PEMとは「わずかなストレスの後でも症状が急激に悪化し持続すること」で、身体的ストレスや心理的ストレスだけでなく、光や音もPEMの原因になりえます。

活動や刺激を受けて12-48時間後に悪化し、数日-数週間続いたり、PEMを起こすと再発しやすくなるという報告もあります。

活動や刺激への耐性は個人差があるため、ME/CSFを疑った場合は、精神的・身体的活動の限界を見極めながら疲れすぎない活動計画を立てる必要があります。

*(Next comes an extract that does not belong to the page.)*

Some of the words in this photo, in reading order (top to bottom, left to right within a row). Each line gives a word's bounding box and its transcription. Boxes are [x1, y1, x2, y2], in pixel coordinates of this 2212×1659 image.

もちろん、3食バランスの良い食事を心がけるなど、基本的な生活習慣に気を使うことも大切です。

慢性疲労症候群を予防する方法は?

慢性疲労症候群のはっきりとした原因はわかっていないため、予防法も確立していません。

そうかもしれないと疑った場合には早めに医療機関を受診することが重要と言えるでしょう。

特に最近では、新型コロナウイルス感染症後に慢性疲労症候群となる方が多く報告されています。新型コロナウイルスに感染した後しばらくは、上記の症状に気をつけておくとよいかもしれません。

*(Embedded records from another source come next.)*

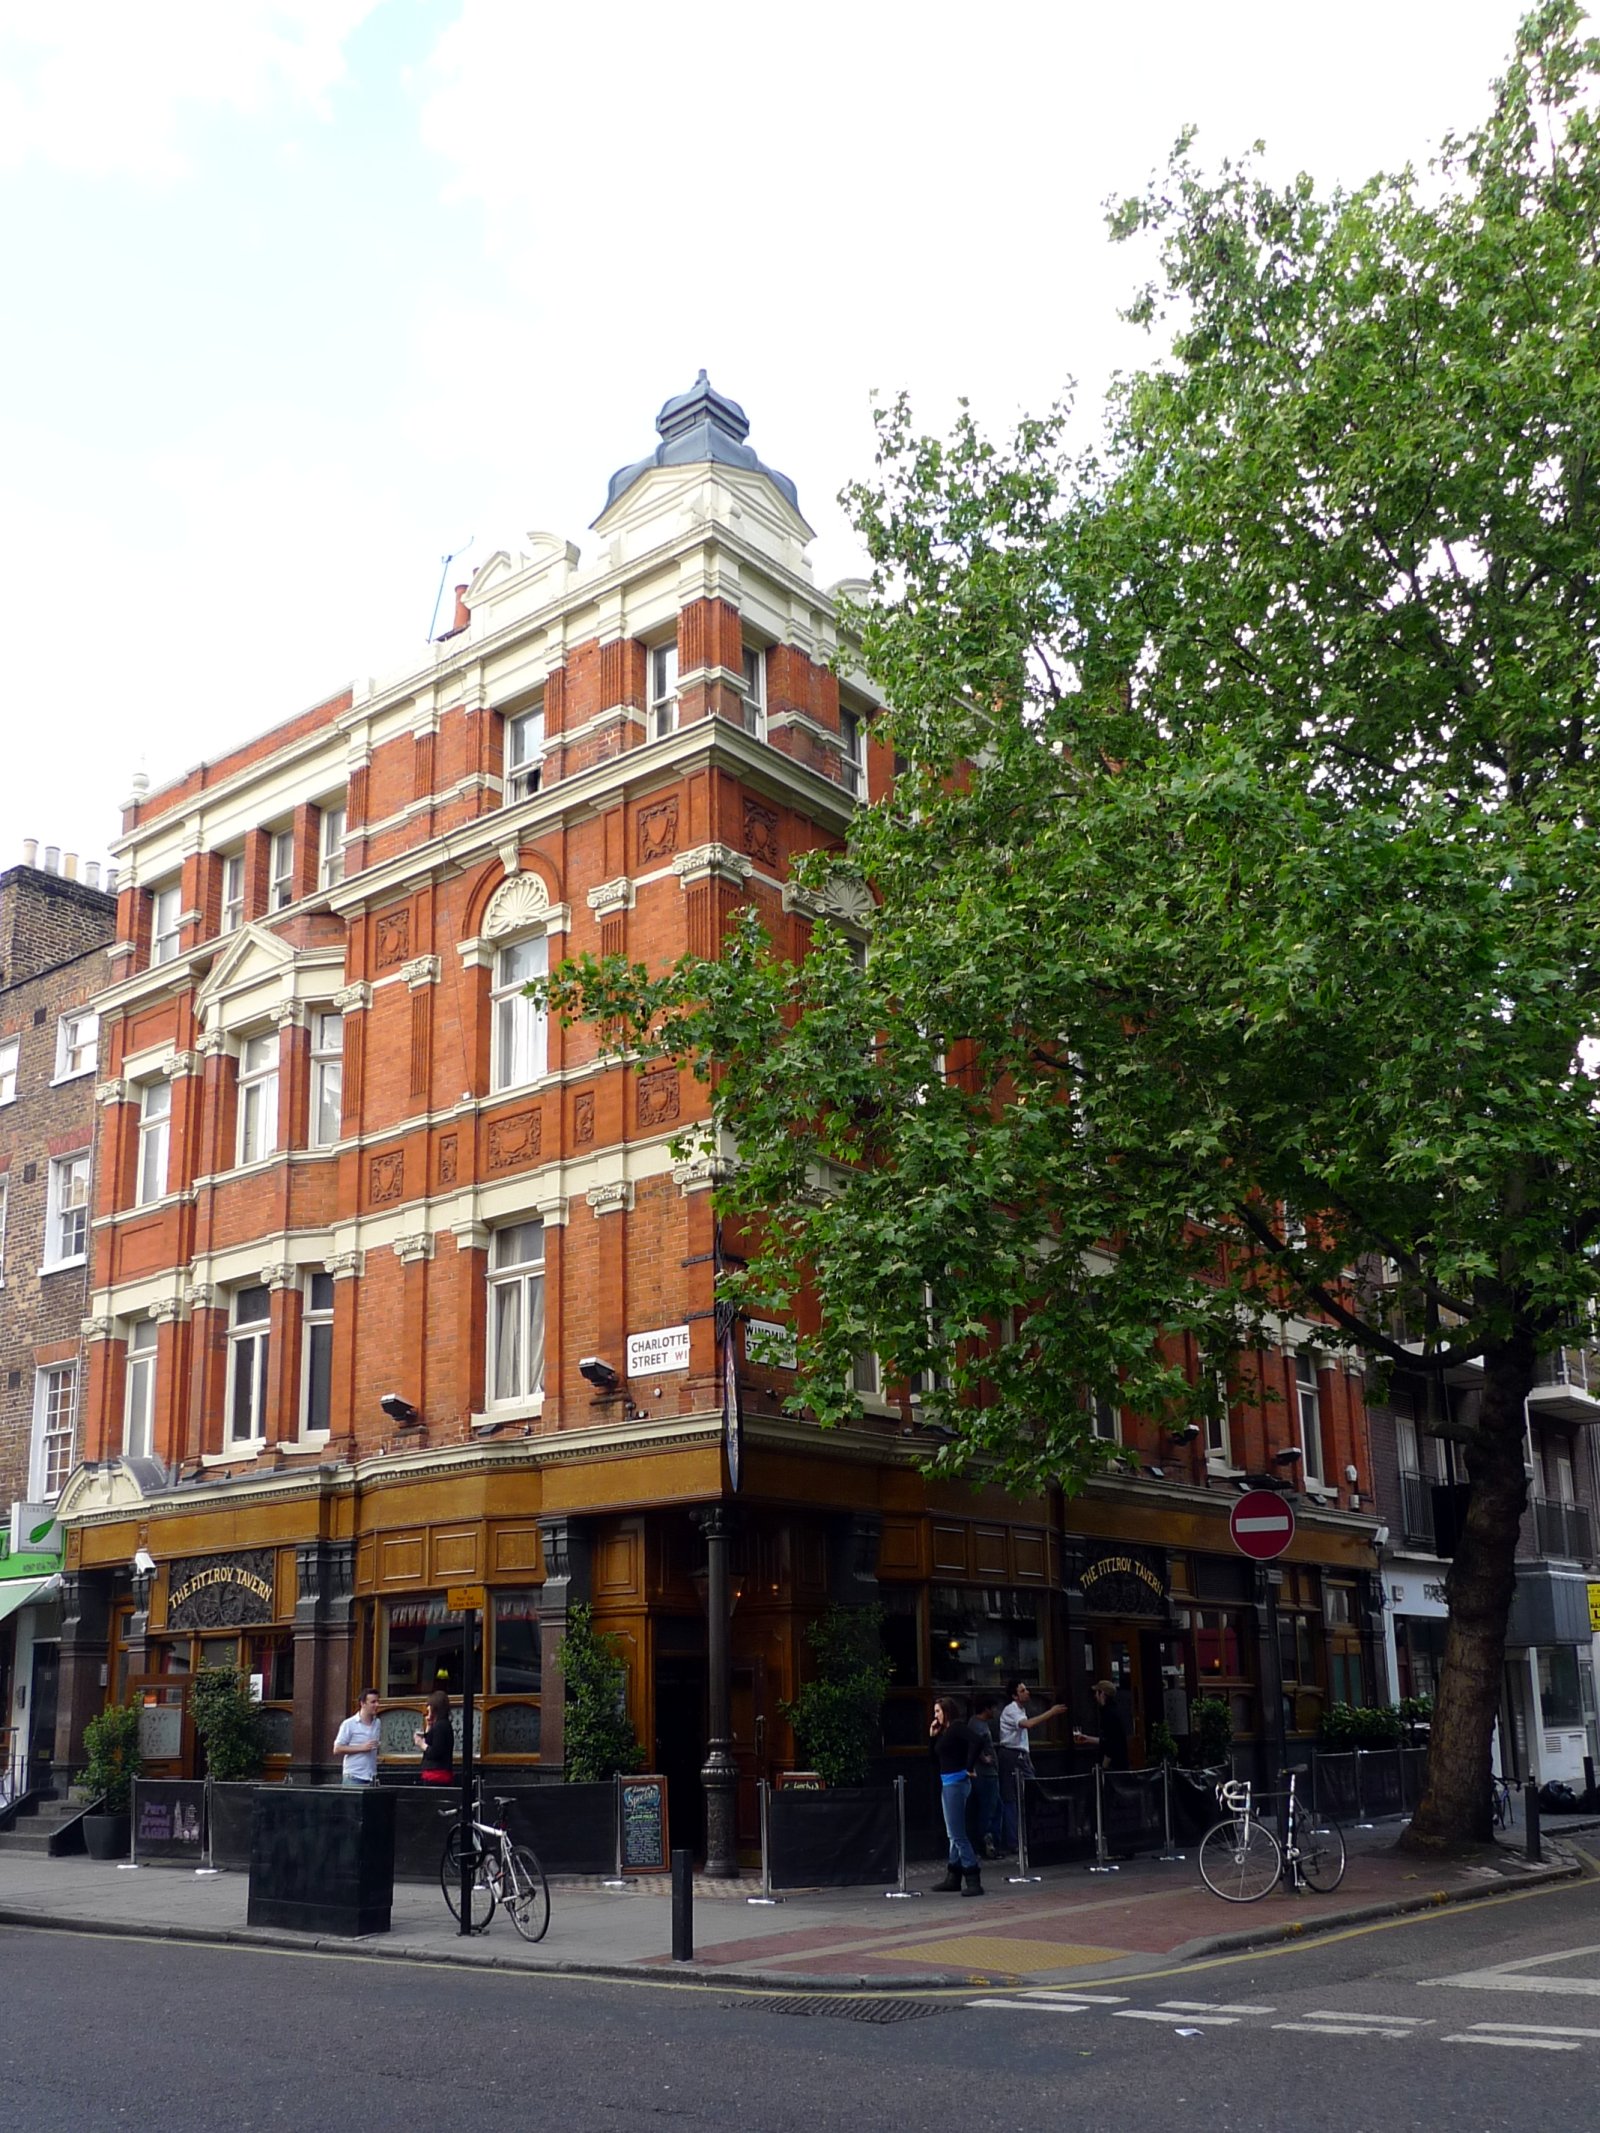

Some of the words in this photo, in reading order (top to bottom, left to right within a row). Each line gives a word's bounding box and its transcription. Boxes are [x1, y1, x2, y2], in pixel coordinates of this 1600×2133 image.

[631, 1333, 688, 1353] CHARLOTTE
[632, 1352, 668, 1369] STREET
[169, 1582, 191, 1609] THE
[191, 1566, 234, 1592] FITZROY
[236, 1567, 272, 1603] TAVERN
[1080, 1565, 1098, 1590] THE
[1098, 1557, 1131, 1576] FITZROY
[1135, 1560, 1163, 1597] TAVERN

もちろん、適度な運動や食事、安定した睡眠リズムの維持など、バランスの良い生活習慣を心がけて心身の状態を良好に保つことも大切です。

慢性疲労症候群かもしれないと思ったら病院を受診しましょう

十分な休息をとっても改善されない長期間続く疲労は慢性疲労症候群の可能性があります。

日常生活に支障をきたすほどの疲労感が続く場合には、早めに医療機関を受診することをお勧めします。

当院では上記の治療に加えて休職時の診断書作成や休職中のサポート、慢性疲労症候群でなかった場合の治療も含めて行っております。

最後に、慢性疲労症候群の患者様の当院での治療事例を紹介します。

当院での治療事例

  • 属性
    • 29歳 男性
  • 当院受診迄の経過
    • コロナ感染後に職場復帰したものの、復帰後1ヶ月で疲労感、倦怠感を自覚した。その後新しい職場になり人間関係の変化、環境の変化も相まって疲労感、倦怠感だけではなく、動悸、息切れ、頭痛を自覚し仕事ができない状態になり休職していた。
  • 休職後、お盆やドライヤーをもつと両上下肢の疼痛が出現したため近くの医療機関を受診した。コロナ後遺症と診断され、耳鼻咽喉科で上咽頭擦過療法、鍼灸を行うも、倦怠感、軽い作業で極度に疲労することや筋肉の痛みは継続しており、TMS治療を希望され当院に初診となった。
  • 当院受診時
    • 初診時 集中力の検査スコアが9点であり、腕をずっとあげていると灼熱感を感じるなどの症状を自覚されており、TMS治療を開始した。
  • 治療の経過
    • TMS治療を開始して2回目、3回目の時点では四肢の痛みが減弱し、倦怠感についても改善を自覚された。歩いた方が良いということを聞いたので、調子が良くなったこともあり、長く歩きすぎて筋肉痛がおきていました。
    • TMS10回目実施時には集中力の検査スコアが9点から3点になり、左足にはまだ痛みがのこっていたが、治療の効果を実感されていた。TMSを行うことで、副作用として軽い頭痛が起きることもあったが、明らかに治療効果のほうが上回るとお話されていた。